Konrad Piasecki w programie "Kawa na ławę" w TVN24 przyznał, że w przerwie zadzwoniła do niego żona Zbigniewa Ziobry. Chciała, by dziennikarz zdementował podaną na antenie informację. Fot. Jan Rusek / Agencja Gazeta
Konrad Piasecki podczas programu "Kawa na ławę" stwierdził, że Zbigniew Ziobro, minister sprawiedliwości i prokurator generalny, zna Grzegorza Kowalczyka. To prawnik, którego Marek Chrzanowski, były już szef KNF, miał polecić jako pracownika w Getin Noble Banku.

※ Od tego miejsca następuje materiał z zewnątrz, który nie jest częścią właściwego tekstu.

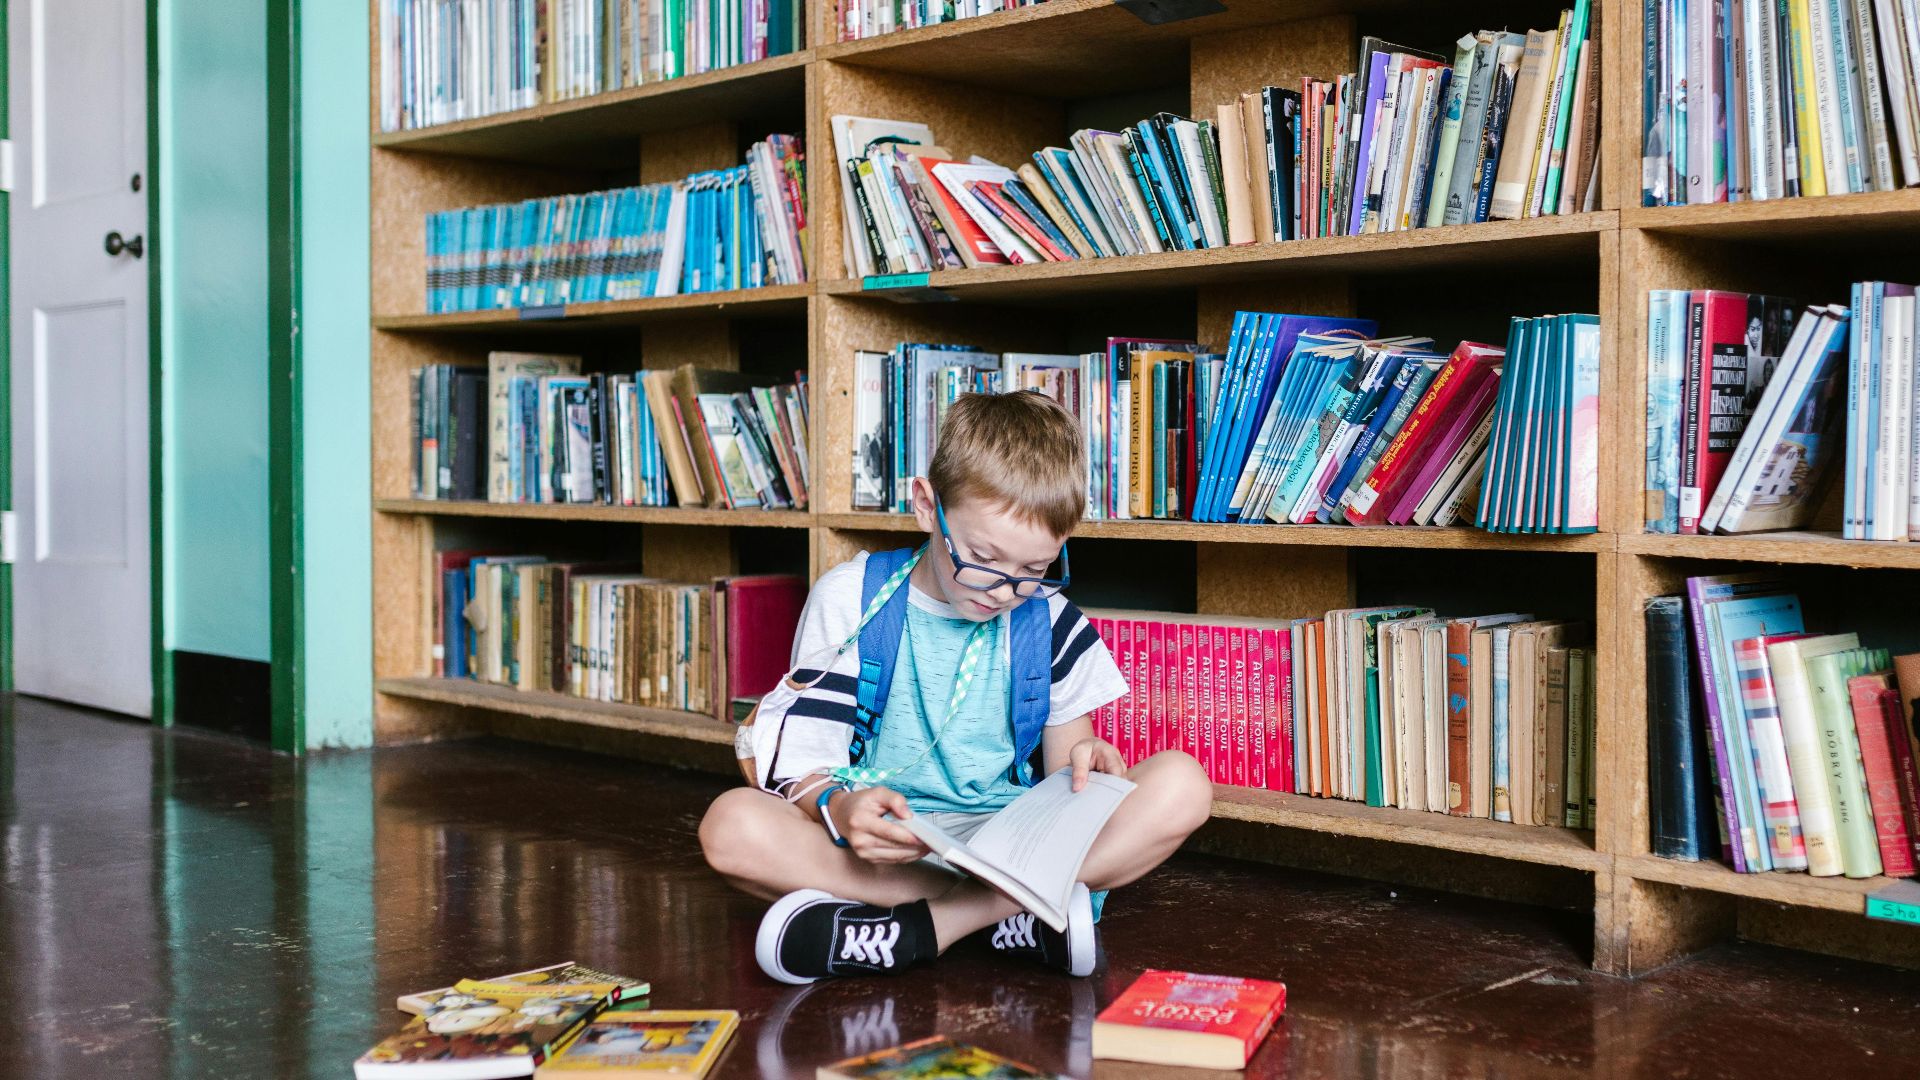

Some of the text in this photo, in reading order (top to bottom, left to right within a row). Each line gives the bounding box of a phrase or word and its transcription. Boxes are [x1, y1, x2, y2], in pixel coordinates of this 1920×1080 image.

[1867, 62, 1874, 71] OF
[1478, 162, 1493, 217] DIANE HOH
[1224, 345, 1233, 362] Many
[1250, 360, 1256, 370] Me
[1215, 387, 1224, 403] Many
[1244, 371, 1253, 389] Again
[1389, 370, 1422, 421] TO VICTORY
[1416, 362, 1454, 417] Holiday Crafts
[1236, 390, 1248, 419] Tomorrow
[1344, 391, 1364, 420] MEXICAN
[1395, 393, 1417, 424] FLIGHT
[1689, 380, 1699, 412] Dictionary
[1710, 390, 1745, 415] HISPANIC
[1211, 405, 1220, 424] Voices
[1356, 446, 1366, 458] PAN
[1687, 423, 1697, 451] Hispanic
[1686, 453, 1696, 485] Americans
[1138, 650, 1148, 740] ARTEMIS FOWL
[1186, 656, 1196, 747] ARTEMIS FOWL
[1202, 656, 1212, 747] ARTEMIS FOWL
[1218, 658, 1228, 751] ARTEMIS FOWL
[1235, 660, 1246, 752] ARTEMIS FOWL
[1252, 661, 1263, 755] ARTEMIS FOWL
[1106, 706, 1114, 736] FOWL
[1123, 708, 1131, 740] FOWL
[1825, 729, 1849, 823] DOBRY WING
[1139, 1001, 1237, 1019] FOWL
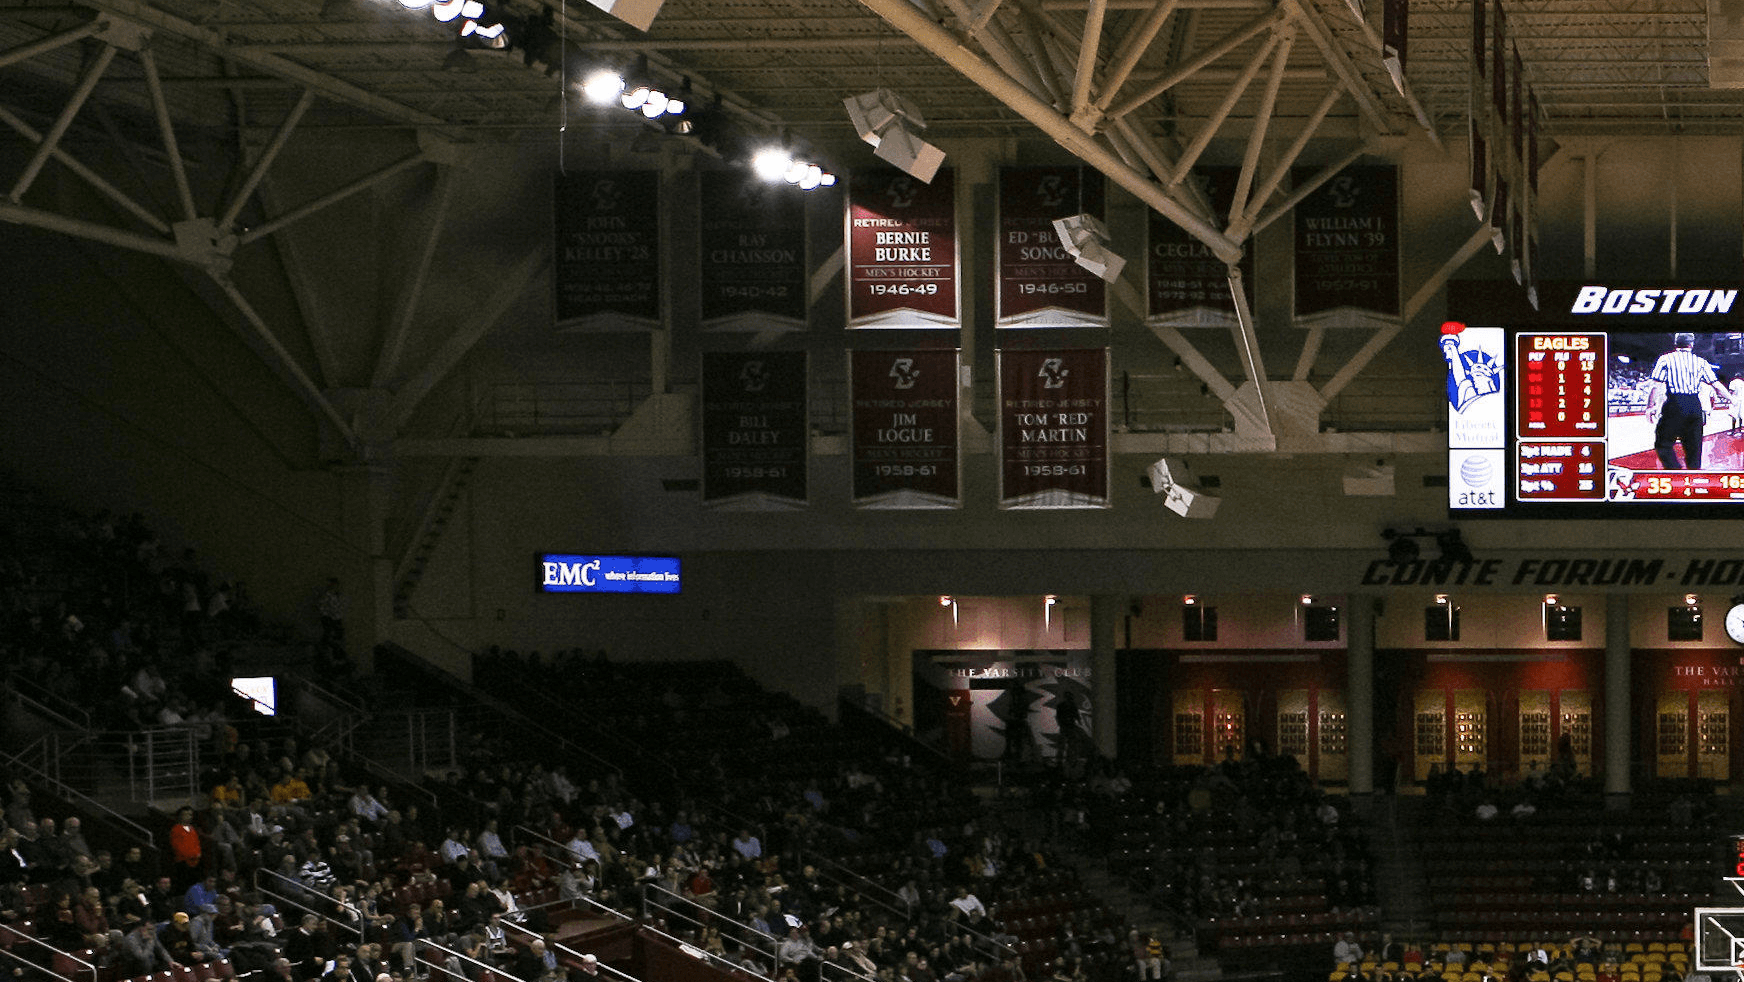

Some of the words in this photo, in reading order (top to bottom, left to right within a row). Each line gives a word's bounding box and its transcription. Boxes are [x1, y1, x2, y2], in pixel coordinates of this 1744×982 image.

Chwilę później – już po przerwie reklamowej – dziennikarz musiał sprostować tę informację. Jak poinformował widzów, zrobił to po telefonie Patrycji Koteckiej, żony Zbigniewa Ziobry.




Również Piasecki zabrał głos na Twitterze, odpowiadając rzecznikowi resortu sprawiedliwości. "Wpis Pana Rzecznika jest klasyczna dezinformacją. Powiedziałem że p. Kowalczyk opowiada o tym że jest kolegą ze studiów i znajomym min. Ziobry. Tyle" – zaznaczył dziennikarz.

Afera KNF
13 listopada "Gazeta Wyborcza" opublikowała nagrania, z których wynika, że były szef KNF Marek Chrzanowski składał korupcyjne propozycje Leszkowi Czarneckiemu, szefowi Getin Noble Banku.

Chrzanowski miał zaoferował przychylność dla Getin Noble Banku w zamian za około 40 mln zł – wynika z artykułu "Gazety Wyborczej". Taką sumę miał otrzymać prawnik Grzegorz Kowalczyk, który jest znajomym Chrzanowskiego.

Zbigniew Ziobro informował, że polecił wszcząć śledztwo ws. podejrzenia popełnienia przestępstwa przez szefa KNF.